● **WORK REQUEST**: Everything in the listing should be copied exactly, save for the pictures.

● **DATA EXTRACTS**:

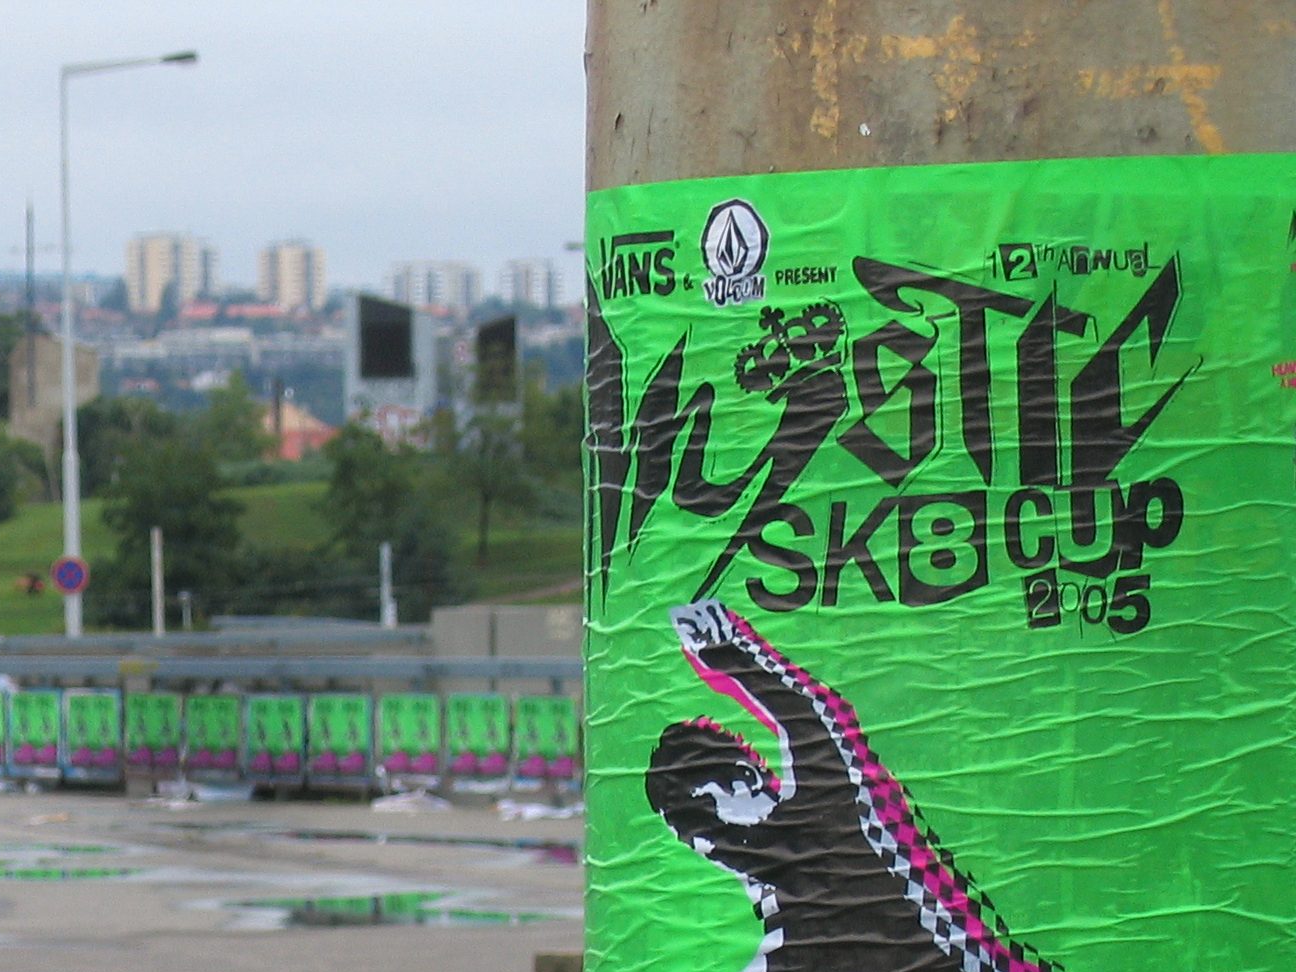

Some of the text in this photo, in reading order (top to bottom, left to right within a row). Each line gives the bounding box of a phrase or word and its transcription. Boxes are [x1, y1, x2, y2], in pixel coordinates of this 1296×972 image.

[600, 230, 838, 307] VANS & VOLCOM PRESENT
[744, 476, 1185, 612] SK8 CUP
[1025, 567, 1152, 636] 2005
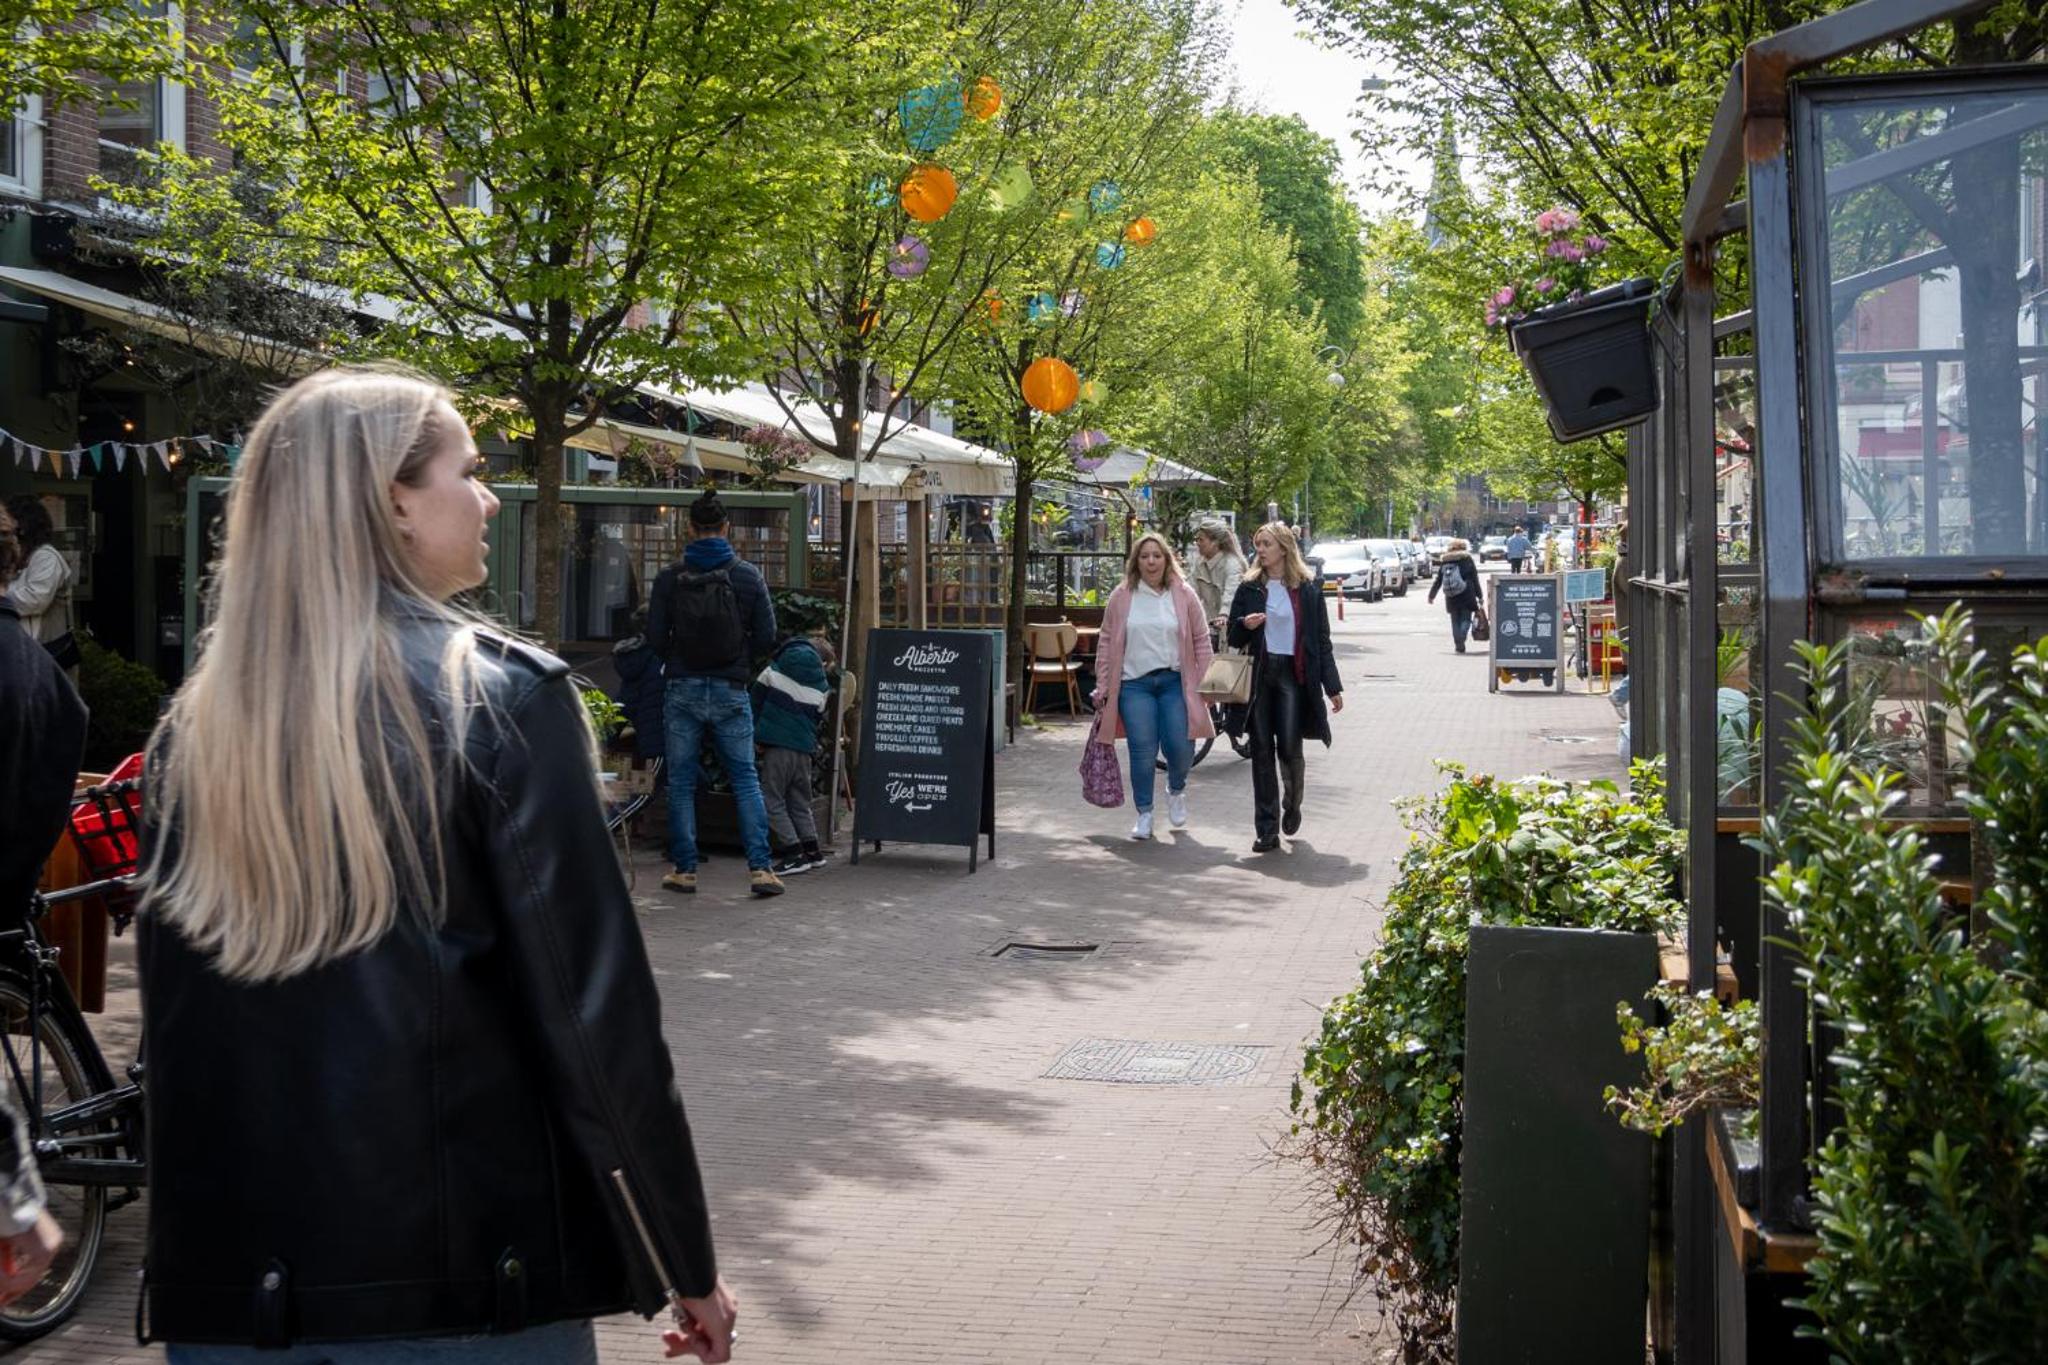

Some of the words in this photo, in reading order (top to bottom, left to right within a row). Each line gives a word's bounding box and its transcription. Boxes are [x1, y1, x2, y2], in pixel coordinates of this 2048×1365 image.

[893, 645, 959, 670] Alberto
[878, 681, 897, 692] DAILY
[897, 683, 920, 692] FRESH
[924, 705, 938, 714] AND
[885, 780, 915, 804] Yes
[917, 784, 948, 794] WE'RE
[916, 793, 948, 801] OPEN
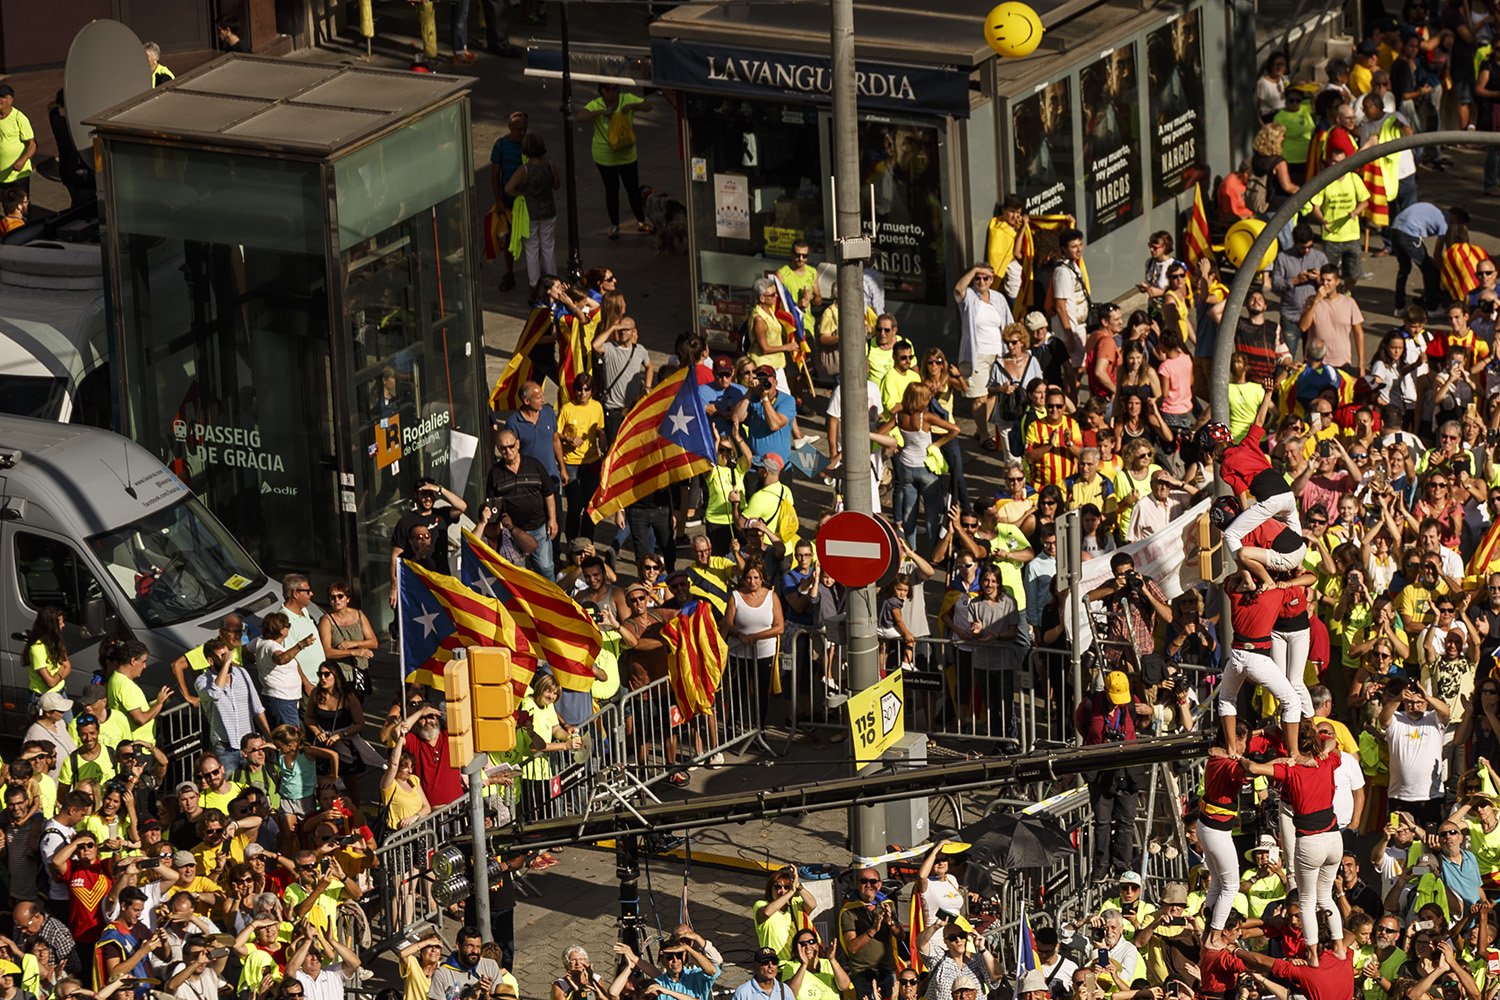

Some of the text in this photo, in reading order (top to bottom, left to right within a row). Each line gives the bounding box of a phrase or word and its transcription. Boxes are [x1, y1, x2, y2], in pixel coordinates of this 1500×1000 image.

[1161, 138, 1195, 174] NARCOS
[1095, 173, 1130, 211] NARCOS
[879, 233, 919, 246] puesto.
[883, 222, 926, 237] muerto,
[870, 251, 922, 276] ARCOS
[194, 423, 261, 448] PASSEIG
[403, 410, 450, 445] Rodalies
[403, 446, 412, 456] de
[412, 431, 441, 452] Catalunya
[197, 445, 285, 473] DE GRÀCIA
[273, 486, 299, 496] adif
[855, 711, 876, 734] 11S
[860, 728, 876, 749] 10
[807, 988, 817, 997] Sí
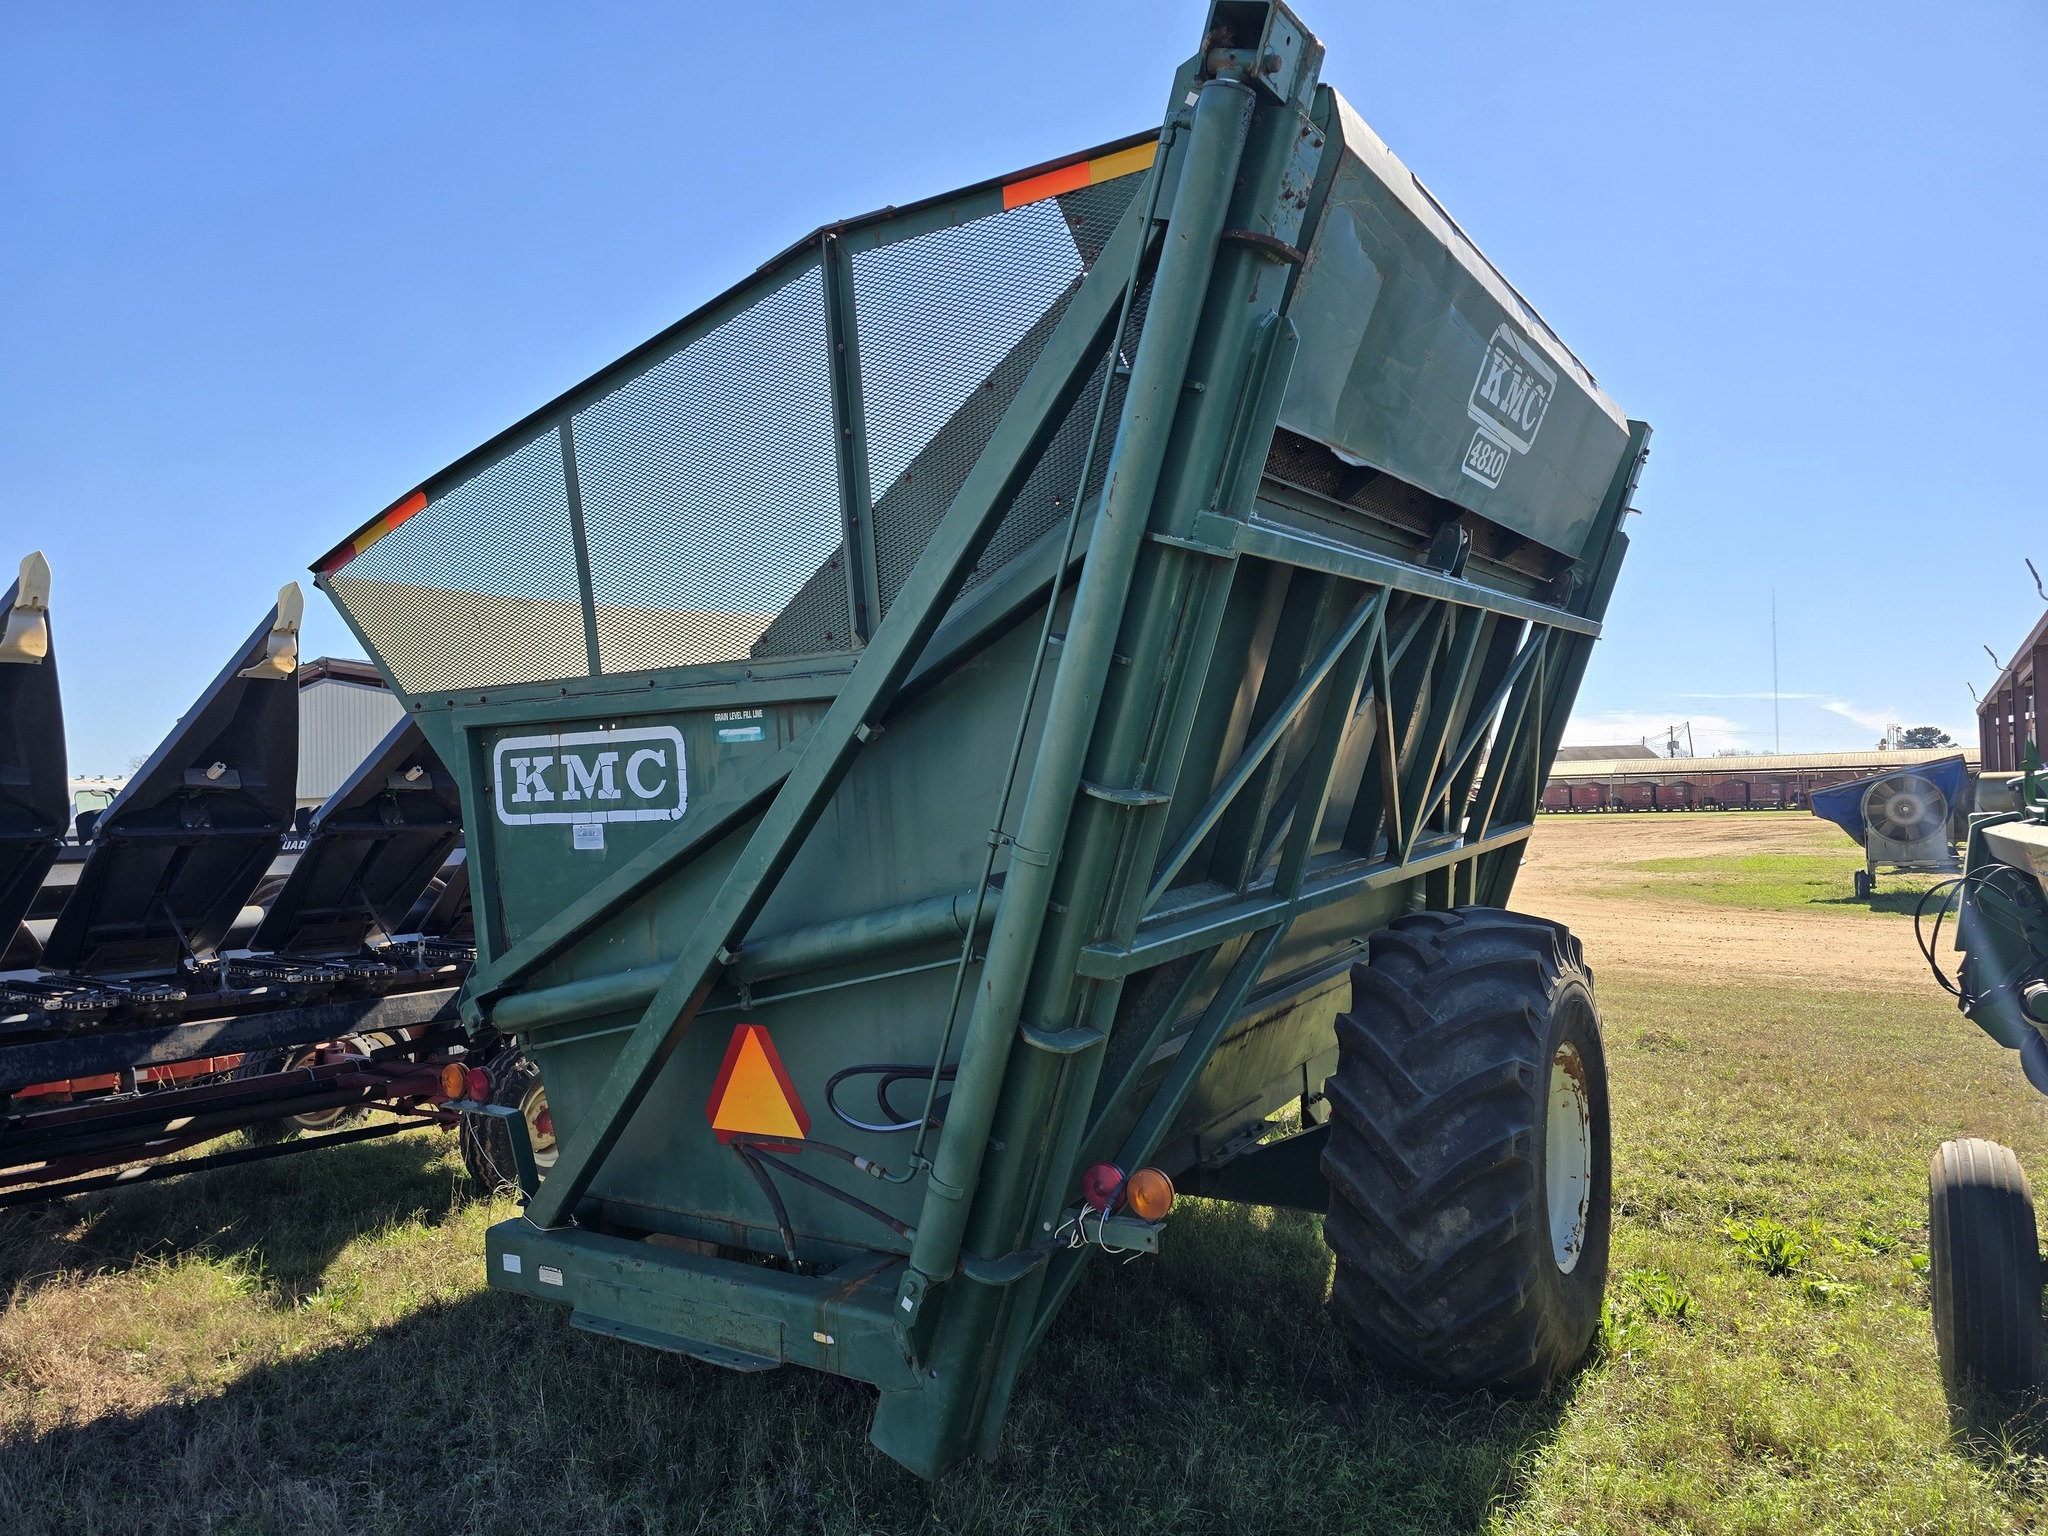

● **RESPONSE**:
Some of the text in this photo, in reading order (top to bottom, left to right within a row). Each line gives the bounding box of a phrase or word and its transcription. Boxes are [x1, y1, x2, y2], in pixel coordinates of this 1296×972 image.

[600, 230, 838, 307] VANS & VOLCOM PRESENT
[744, 476, 1185, 612] SK8 CUP
[1025, 567, 1152, 636] 2005

Some of the words in this photo, in reading order (top to bottom, left to right within a row). Each line gives a word's bounding box and its transcription. Boxes are [x1, y1, x2, y2], in pixel coordinates of this 2048×1365 image.

[893, 645, 959, 670] Alberto
[878, 681, 897, 692] DAILY
[897, 683, 920, 692] FRESH
[924, 705, 938, 714] AND
[885, 780, 915, 804] Yes
[917, 784, 948, 794] WE'RE
[916, 793, 948, 801] OPEN

Some of the text in this photo, in reading order (top to bottom, left to right within a row). Each line gives the bounding box of a phrase or word and its transcription. Boxes are [x1, y1, x2, y2], in pixel coordinates of this 1500×1000 image.

[1161, 138, 1195, 174] NARCOS
[1095, 173, 1130, 211] NARCOS
[879, 233, 919, 246] puesto.
[883, 222, 926, 237] muerto,
[870, 251, 922, 276] ARCOS
[194, 423, 261, 448] PASSEIG
[403, 410, 450, 445] Rodalies
[403, 446, 412, 456] de
[412, 431, 441, 452] Catalunya
[197, 445, 285, 473] DE GRÀCIA
[273, 486, 299, 496] adif
[855, 711, 876, 734] 11S
[860, 728, 876, 749] 10
[807, 988, 817, 997] Sí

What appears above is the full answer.